Wochenrückblick mit Stefan Everts
Stefan Everts hat die Probleme infolge der Malaria-Infektion noch nicht überwunden
Die wichtigste Neuigkeit in dieser Woche: Ein Modell, wie es in den USA angedacht ist, Veranstaltungen ohne Zuschauer durchzuführen, kommt für die WM nicht infrage, da die Einnahmen aus TV-Übertragungsrechten nicht ausreichen. Die Produktion der TV-Übertragung der Motocross-WM wird durch die Werke mitfinanziert. Der lokale Organisator zahlt dem Vermarkter Infront eine Gage, die wiederum fast ausschließlich durch Ticketverkäufe erwirtschaftet wird.
Die Zuschauer vor Ort sind in Europa somit die entscheidende Finanzierungsquelle der WM. Wenn diese Finanzierungsquelle versiegt, klafft eine riesige Lücke, die durch Sponsorengelder oder öffentliche Förderprogramme - zumindest in Europa - nicht geschlossen werden kann. In Ländern wie der Türkei werden diese Beträge überwiegend durch Regierungssubventionen erbracht. Die Veranstaltungen werden dann aber auch entsprechend politisch instrumentalisiert, wie man im Falle der Türkei beobachten konnte.

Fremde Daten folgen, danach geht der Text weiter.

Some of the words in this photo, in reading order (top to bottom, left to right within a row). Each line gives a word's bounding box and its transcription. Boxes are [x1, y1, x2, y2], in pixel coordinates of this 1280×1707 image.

In dieser Woche führten wir ein exklusives Interview mit dem erfolgreichsten Motocrosser aller Zeiten: Stefan Everts. Ich erreichte ihn in seiner Heimat Belgien mit einer Video-Schaltung. Natürlich hat ein Mann wie er viel zu sagen. Im ersten Teil berichtet der zehnfache Champion über seinen aktuellen Gesundheitszustand nach der Malaria-Infektion und seine Radio-Show, die am kommenden Montag ihre Premiere hat.

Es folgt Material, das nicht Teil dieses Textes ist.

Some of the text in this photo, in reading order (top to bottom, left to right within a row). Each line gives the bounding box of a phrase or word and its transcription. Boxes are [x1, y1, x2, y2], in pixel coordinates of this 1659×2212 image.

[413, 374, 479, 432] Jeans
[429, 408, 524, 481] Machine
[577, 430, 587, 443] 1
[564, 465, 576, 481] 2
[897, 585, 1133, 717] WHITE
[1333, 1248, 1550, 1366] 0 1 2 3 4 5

Wie geht es dir gesundheitlich? Wir alle wissen um die Probleme mit deinen Zehen
«Vor 9 Wochen hatte ich eine weitere OP in Herentals, einem anderen Krankenhaus bei einem anderen Arzt. Er hatte einige neue Ideen. Zwischenzeitlich ist von der OP alles verheilt. Im linken Fuß habe ich einige Fortschritte gemacht. Der linke Fuß fühlt sich besser an. In meinem rechten Fuß, bei dem mir sämtliche Zehen abgenommen wurden, habe ich nach wie vor Schmerzen, wenn ich den Fuß aufsetze. Ich hadere noch immer mit dem rechten Fuß. Er ist wirklich schwer geschädigt. Ich weiß noch nicht, wie es damit weitergeht. Ich lebe jeden Tag mit Schmerzen. Alles andere ist gut. Ich habe die Krankheit gut überstanden, gehe ins Gym und betreibe Muskelaufbau. Ich war auch schon beim Mountainbiken, aber danach hatte ich auch wieder ziemliche Schmerzen, wenn ich den Fuß stärker belaste.»

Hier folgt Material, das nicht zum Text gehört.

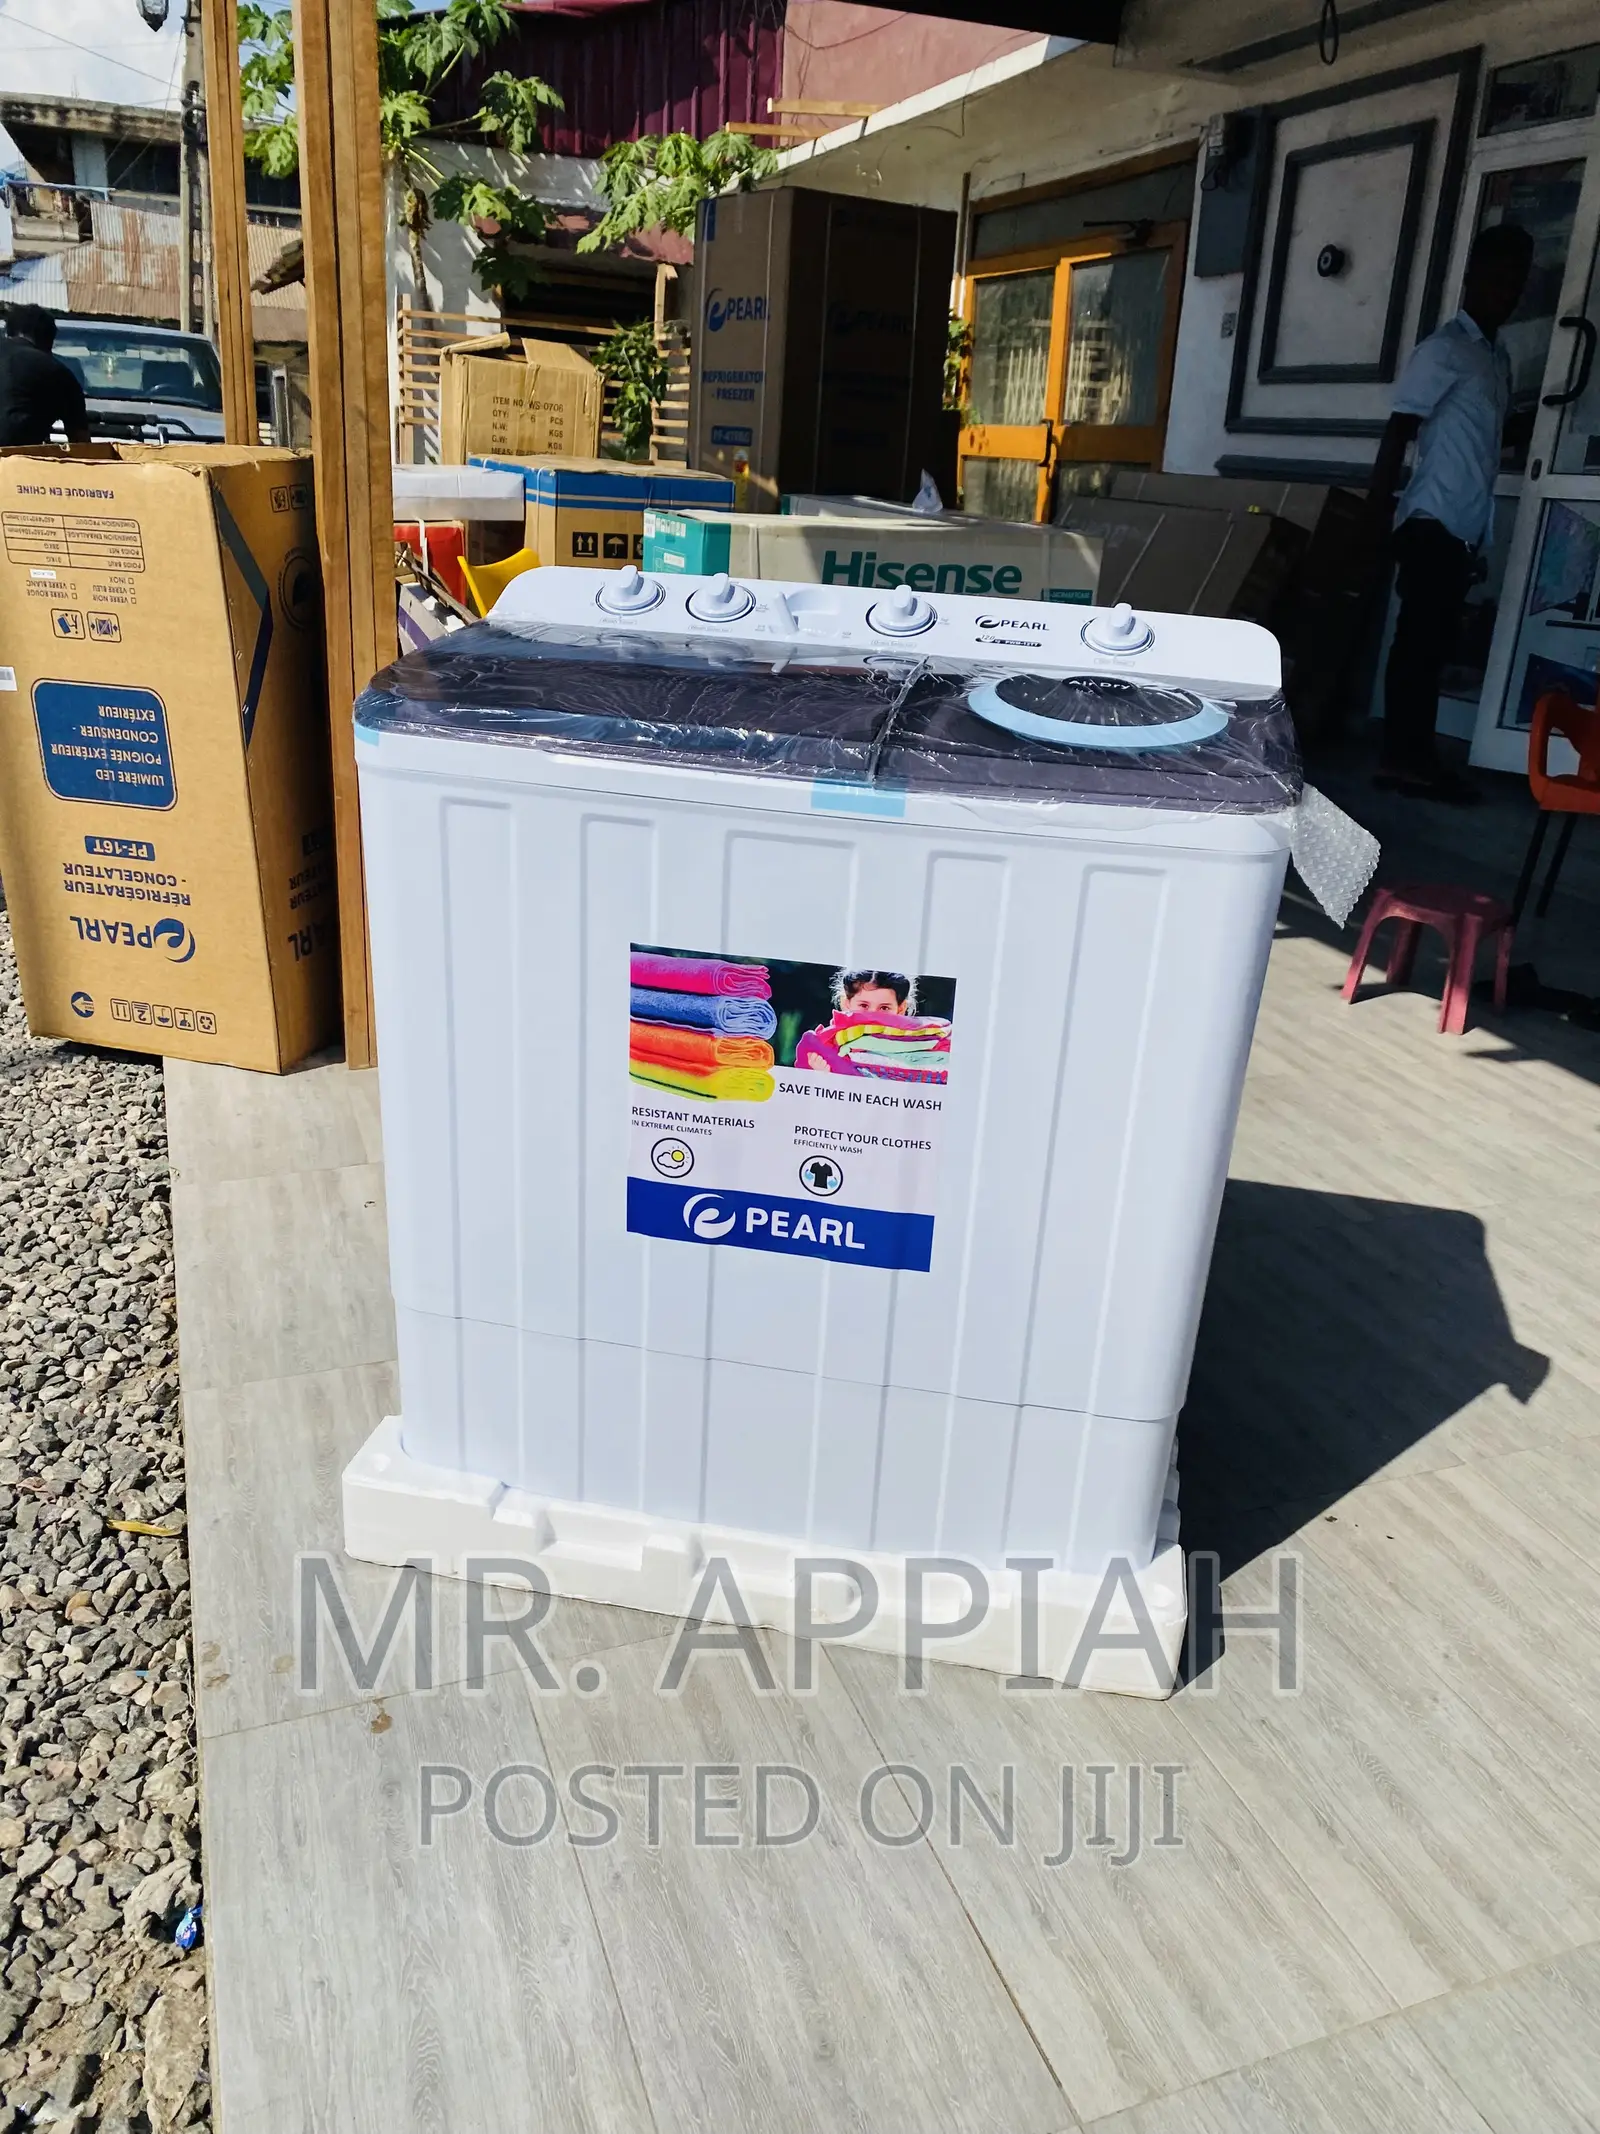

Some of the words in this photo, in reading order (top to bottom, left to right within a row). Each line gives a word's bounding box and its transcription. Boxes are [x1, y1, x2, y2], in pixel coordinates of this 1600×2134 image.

[492, 396, 510, 405] ITEM
[530, 414, 536, 423] 6
[550, 416, 564, 426] PCS
[549, 429, 563, 438] KGS
[547, 441, 563, 450] KGS
[16, 484, 47, 495] CHINE
[49, 486, 63, 496] EN
[65, 487, 115, 499] FABRIQUE
[821, 550, 1023, 595] Hisense
[26, 579, 48, 588] BLANC
[48, 582, 68, 590] VERRE
[109, 576, 126, 584] INOX
[27, 589, 49, 598] ROUGE
[49, 590, 69, 599] VERRE
[92, 584, 108, 593] BLEU
[108, 586, 128, 594] VERRE
[92, 594, 109, 602] NOIR
[109, 596, 129, 604] VERRE
[1000, 619, 1050, 631] PEARL
[1100, 681, 1131, 690] Dry
[98, 705, 156, 723] EXTÉRIEUR
[80, 725, 159, 744] CONDENSUER
[50, 743, 107, 760] EXTÉRIEUR
[110, 749, 162, 765] POIGNÉE
[95, 769, 116, 782] LED
[118, 771, 165, 787] LUMIÈRE
[93, 839, 149, 859] PF-16T
[63, 862, 178, 887] CONGELATEUR
[63, 879, 192, 908] RÉFRIGÉRATEUR
[69, 915, 154, 949] PEARL
[779, 1082, 811, 1096] SAVE
[814, 1086, 845, 1101] TIME
[848, 1092, 862, 1103] IN
[865, 1094, 899, 1108] EACH
[903, 1098, 942, 1111] WASH
[631, 1106, 690, 1122] RESISTANT
[692, 1114, 755, 1129] MATERIALS
[631, 1119, 640, 1127] IN
[641, 1120, 675, 1132] EXTREME
[676, 1125, 713, 1136] CLIMATES
[794, 1125, 844, 1141] PROTECT
[846, 1133, 879, 1146] YOUR
[881, 1137, 932, 1150] CLOTHES
[793, 1138, 838, 1151] EFFICIENTLY
[839, 1145, 863, 1155] WASH
[745, 1206, 866, 1251] PEARL

Du bist also weiterhin im Training?
«Ja, aber ohne einen Spezialisten, ich mache etwas Workout im Gym hier zu Hause. Ich nutze meine Erfahrungen aus der Vergangenheit, um meine Fitness etwas zu verbessern.»
Wie oft trainierst du zur Zeit?
«Ich würde sagen, drei bis fünfmal die Woche. Manchmal schaffe ich es nur dreimal. Ich habe in letzter Zeit auch Handbiking gemacht. Dann habe ich einen Kurs mit 12 Übungen für den Oberkörper und die Stabilisierung meines Fußes. Ich mache das zweimal pro Woche, werde das Pensum aber auf dreimal pro Woche erhöhen. Drei mal 10 Übungen mit 20 bis 22 Wiederholungen, viel Bewegung.»
Es ist ein langer Kampf und ich hoffe, dass es bald besser wird.
«Das wird leider noch Jahre dauern. Am Anfang weiß man noch nicht, wie lange es dauern wird. Man denkt, es dauert vielleicht 6 Monate, dann wird daraus ein Jahr. Jetzt denke ich, es wird vielleicht ein paar Jahre dauern. Die Nerven sind beschädigt. So etwas braucht ewig viel Zeit, dass sich Nerven regenerieren. Sie regenerieren sich sowieso nicht vollständig. Ich werde mit einigen Einschränkungen leben müssen, aber ich will nicht klagen. Ich hätte gern etwas weniger Schmerzen beim Gehen.»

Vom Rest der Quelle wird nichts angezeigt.